What the task asks: Nothing but the lines below from the one that contains "this 1500×1000 image." through the one that contains "Some of the words" should be retyped, exactly and including both ends. Do not include pictures.

Dataset extract:
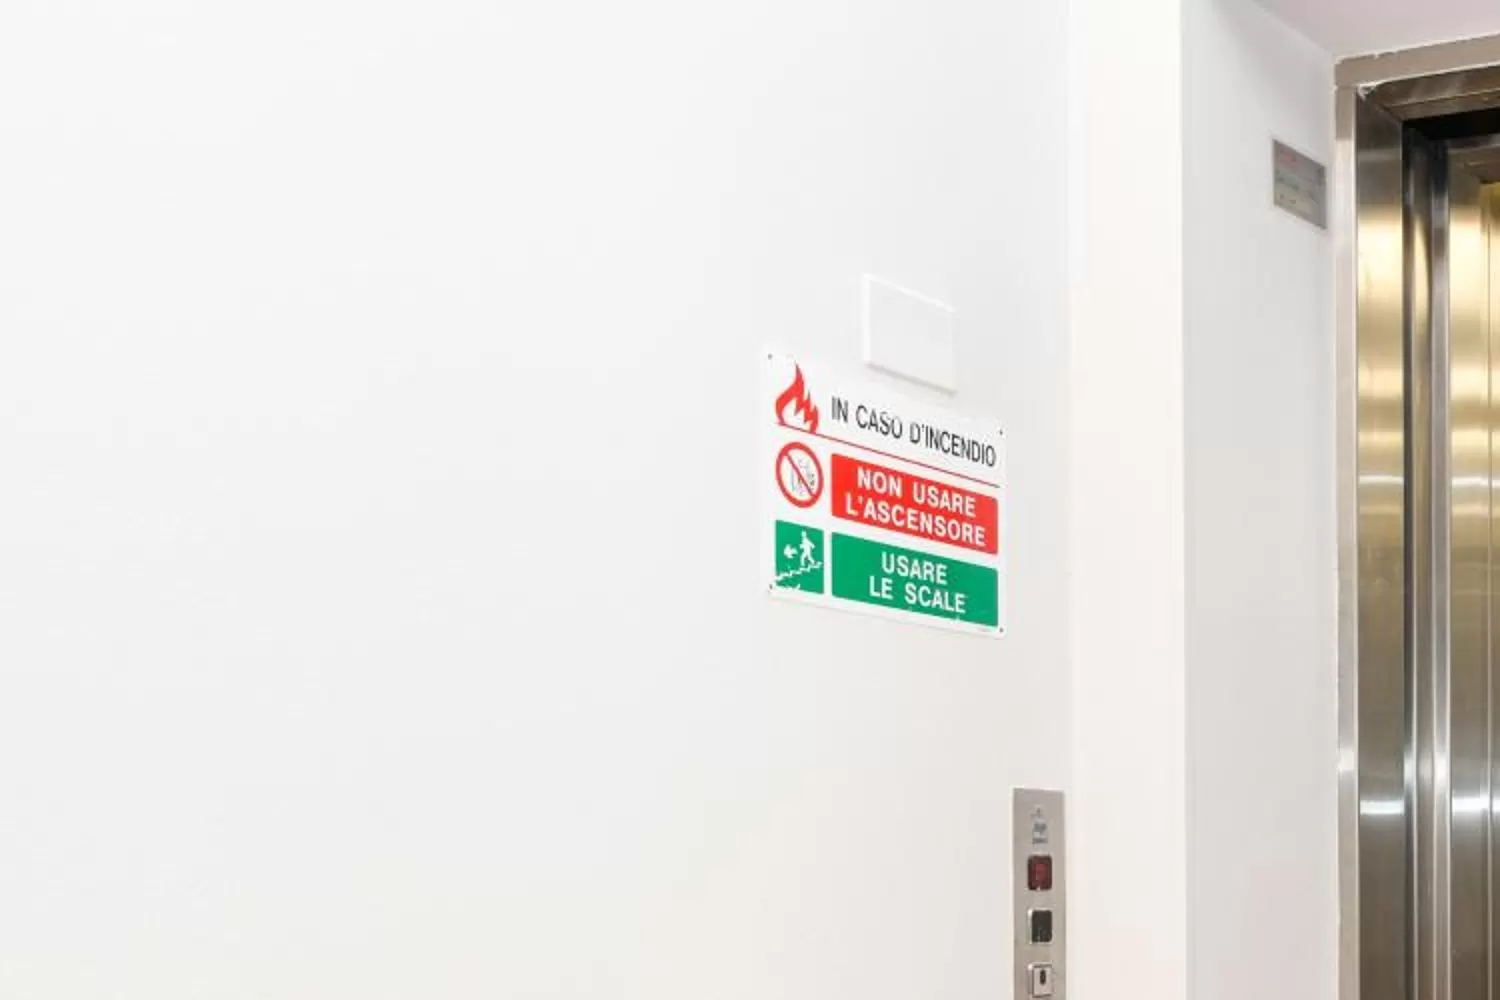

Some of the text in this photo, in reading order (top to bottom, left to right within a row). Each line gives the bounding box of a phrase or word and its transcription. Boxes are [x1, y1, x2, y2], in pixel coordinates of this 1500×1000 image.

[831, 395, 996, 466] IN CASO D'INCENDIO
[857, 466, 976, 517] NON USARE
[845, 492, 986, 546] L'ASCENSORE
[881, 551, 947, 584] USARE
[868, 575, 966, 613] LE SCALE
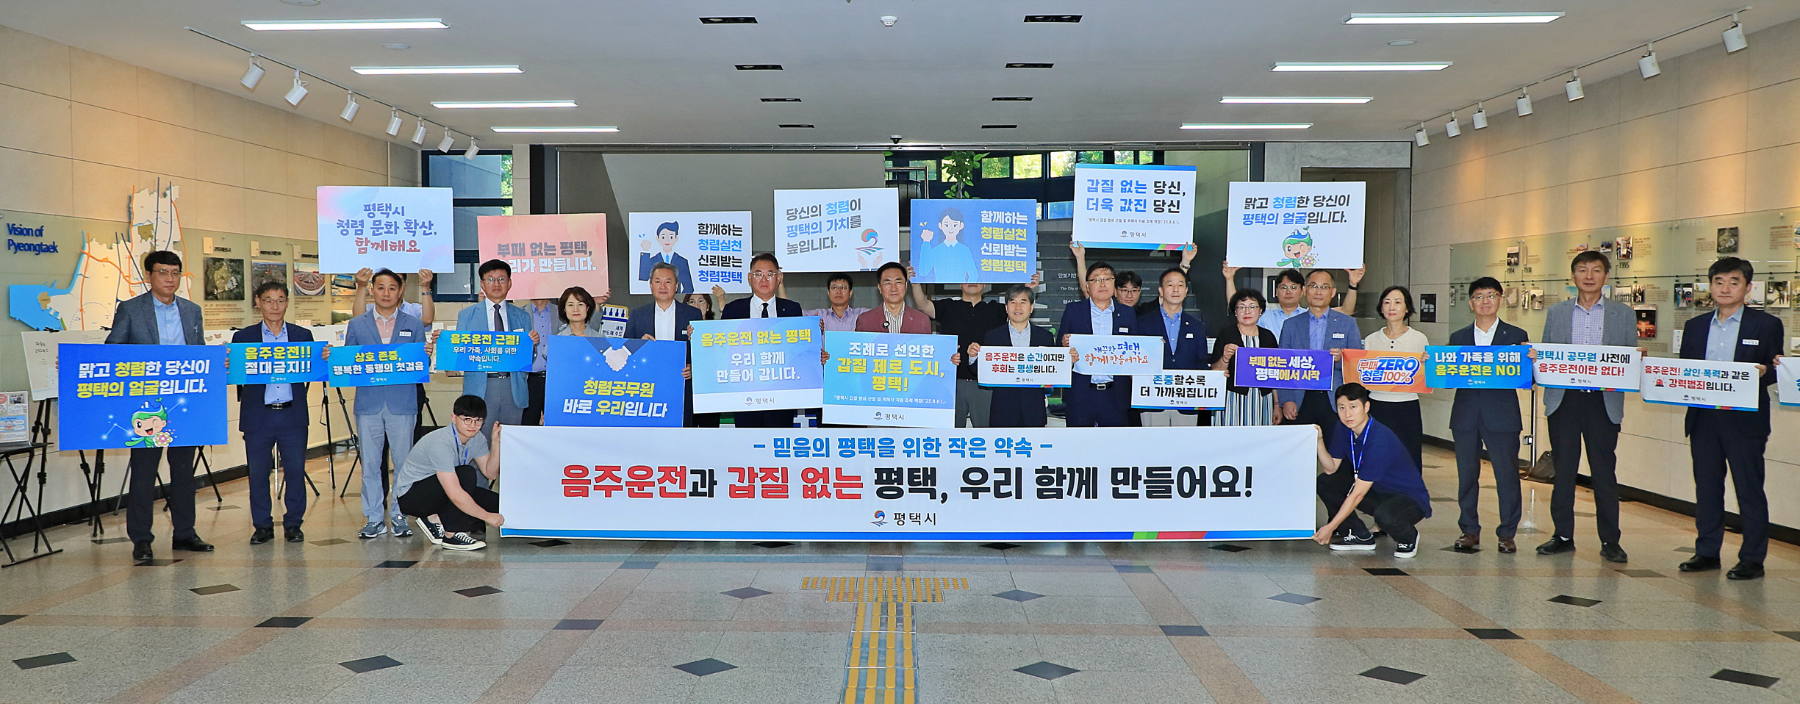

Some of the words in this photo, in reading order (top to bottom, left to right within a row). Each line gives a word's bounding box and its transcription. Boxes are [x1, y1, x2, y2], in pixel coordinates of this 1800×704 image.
--
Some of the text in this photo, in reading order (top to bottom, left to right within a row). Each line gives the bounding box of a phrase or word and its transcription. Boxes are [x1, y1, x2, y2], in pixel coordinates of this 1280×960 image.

Answer section:
Some of the text in this photo, in reading order (top to bottom, left to right within a row). Each line gives the bounding box of a phrase or word and its transcription. Boxes are [x1, y1, x2, y2], in pixel coordinates of this 1500×1000 image.

[831, 395, 996, 466] IN CASO D'INCENDIO
[857, 466, 976, 517] NON USARE
[845, 492, 986, 546] L'ASCENSORE
[881, 551, 947, 584] USARE
[868, 575, 966, 613] LE SCALE

Some of the words in this photo, in reading order (top to bottom, left to right within a row). Each line gives a word's bounding box and its transcription. Boxes are [x1, y1, x2, y2], in pixel coordinates of this 1800×704 image.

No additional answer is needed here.